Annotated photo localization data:

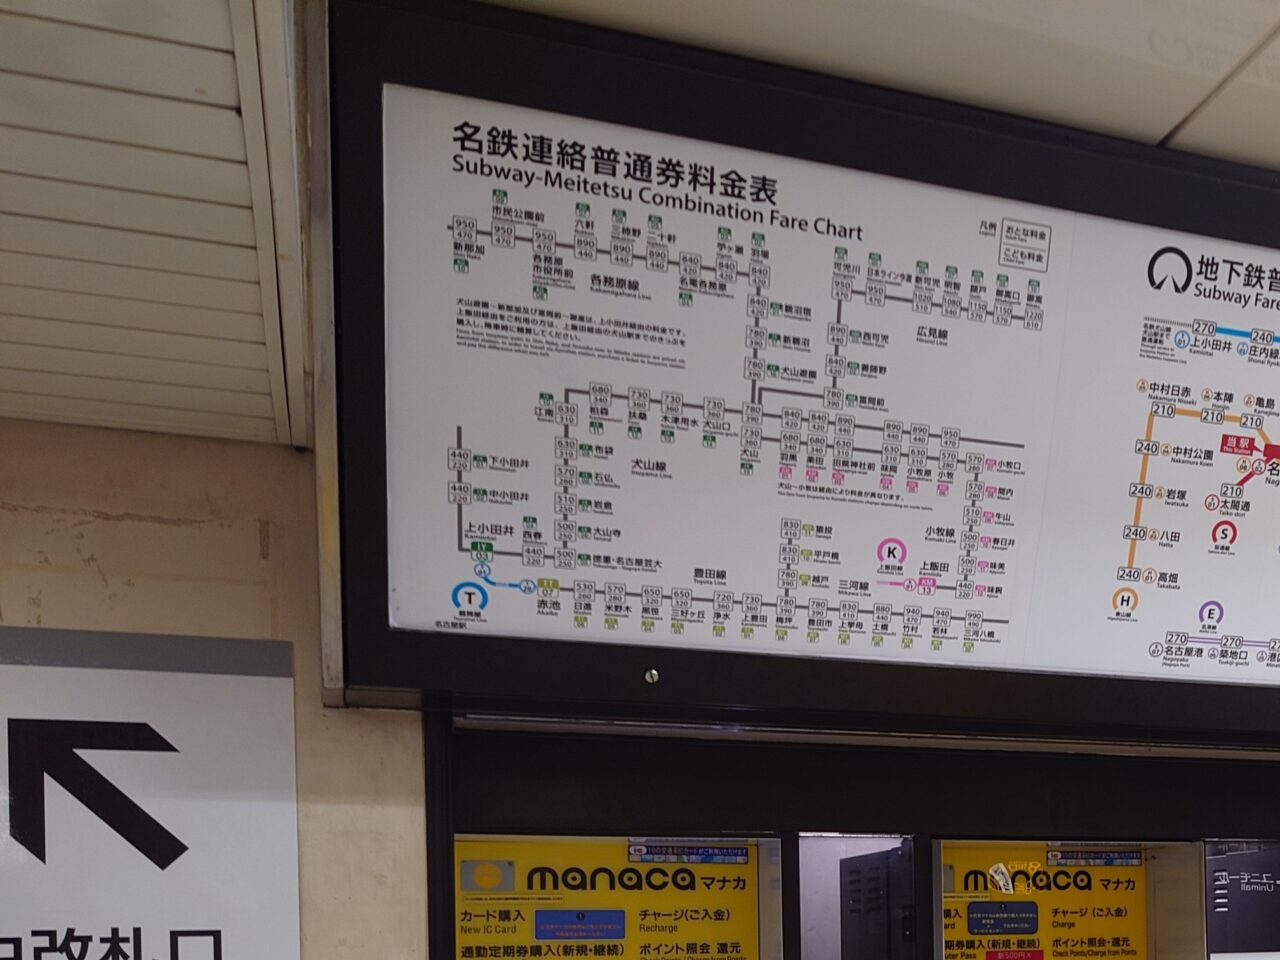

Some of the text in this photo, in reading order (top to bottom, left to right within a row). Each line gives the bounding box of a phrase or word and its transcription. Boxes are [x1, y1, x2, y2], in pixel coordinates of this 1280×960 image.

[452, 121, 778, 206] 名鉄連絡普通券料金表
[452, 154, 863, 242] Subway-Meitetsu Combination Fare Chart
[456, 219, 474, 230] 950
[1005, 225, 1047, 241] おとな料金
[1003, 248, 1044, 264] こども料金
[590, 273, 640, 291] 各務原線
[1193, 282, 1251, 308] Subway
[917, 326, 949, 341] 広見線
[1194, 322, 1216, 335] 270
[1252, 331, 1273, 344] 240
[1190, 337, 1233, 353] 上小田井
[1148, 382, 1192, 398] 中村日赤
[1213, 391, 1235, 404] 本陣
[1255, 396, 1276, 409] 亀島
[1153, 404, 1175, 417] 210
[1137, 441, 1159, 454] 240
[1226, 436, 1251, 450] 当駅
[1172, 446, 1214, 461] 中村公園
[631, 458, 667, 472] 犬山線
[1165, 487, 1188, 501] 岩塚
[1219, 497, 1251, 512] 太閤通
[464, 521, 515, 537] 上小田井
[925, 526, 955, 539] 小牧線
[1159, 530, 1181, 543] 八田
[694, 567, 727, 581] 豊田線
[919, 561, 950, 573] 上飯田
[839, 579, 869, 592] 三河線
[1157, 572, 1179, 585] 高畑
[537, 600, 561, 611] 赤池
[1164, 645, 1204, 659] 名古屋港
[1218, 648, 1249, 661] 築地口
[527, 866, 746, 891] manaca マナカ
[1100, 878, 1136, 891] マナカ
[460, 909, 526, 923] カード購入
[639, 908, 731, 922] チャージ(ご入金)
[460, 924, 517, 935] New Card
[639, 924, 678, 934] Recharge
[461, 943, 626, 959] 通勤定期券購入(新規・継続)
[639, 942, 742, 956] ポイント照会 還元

[WHAT THE TASK REQUIRES]:
In your copy of the entries above, keep the text exact and leave out the pictures.

[EXERCISE RESULT]:
Some of the text in this photo, in reading order (top to bottom, left to right within a row). Each line gives the bounding box of a phrase or word and its transcription. Boxes are [x1, y1, x2, y2], in pixel coordinates of this 1280×960 image.

[452, 121, 778, 206] 名鉄連絡普通券料金表
[452, 154, 863, 242] Subway-Meitetsu Combination Fare Chart
[456, 219, 474, 230] 950
[1005, 225, 1047, 241] おとな料金
[1003, 248, 1044, 264] こども料金
[590, 273, 640, 291] 各務原線
[1193, 282, 1251, 308] Subway
[917, 326, 949, 341] 広見線
[1194, 322, 1216, 335] 270
[1252, 331, 1273, 344] 240
[1190, 337, 1233, 353] 上小田井
[1148, 382, 1192, 398] 中村日赤
[1213, 391, 1235, 404] 本陣
[1255, 396, 1276, 409] 亀島
[1153, 404, 1175, 417] 210
[1137, 441, 1159, 454] 240
[1226, 436, 1251, 450] 当駅
[1172, 446, 1214, 461] 中村公園
[631, 458, 667, 472] 犬山線
[1165, 487, 1188, 501] 岩塚
[1219, 497, 1251, 512] 太閤通
[464, 521, 515, 537] 上小田井
[925, 526, 955, 539] 小牧線
[1159, 530, 1181, 543] 八田
[694, 567, 727, 581] 豊田線
[919, 561, 950, 573] 上飯田
[839, 579, 869, 592] 三河線
[1157, 572, 1179, 585] 高畑
[537, 600, 561, 611] 赤池
[1164, 645, 1204, 659] 名古屋港
[1218, 648, 1249, 661] 築地口
[527, 866, 746, 891] manaca マナカ
[1100, 878, 1136, 891] マナカ
[460, 909, 526, 923] カード購入
[639, 908, 731, 922] チャージ(ご入金)
[460, 924, 517, 935] New Card
[639, 924, 678, 934] Recharge
[461, 943, 626, 959] 通勤定期券購入(新規・継続)
[639, 942, 742, 956] ポイント照会 還元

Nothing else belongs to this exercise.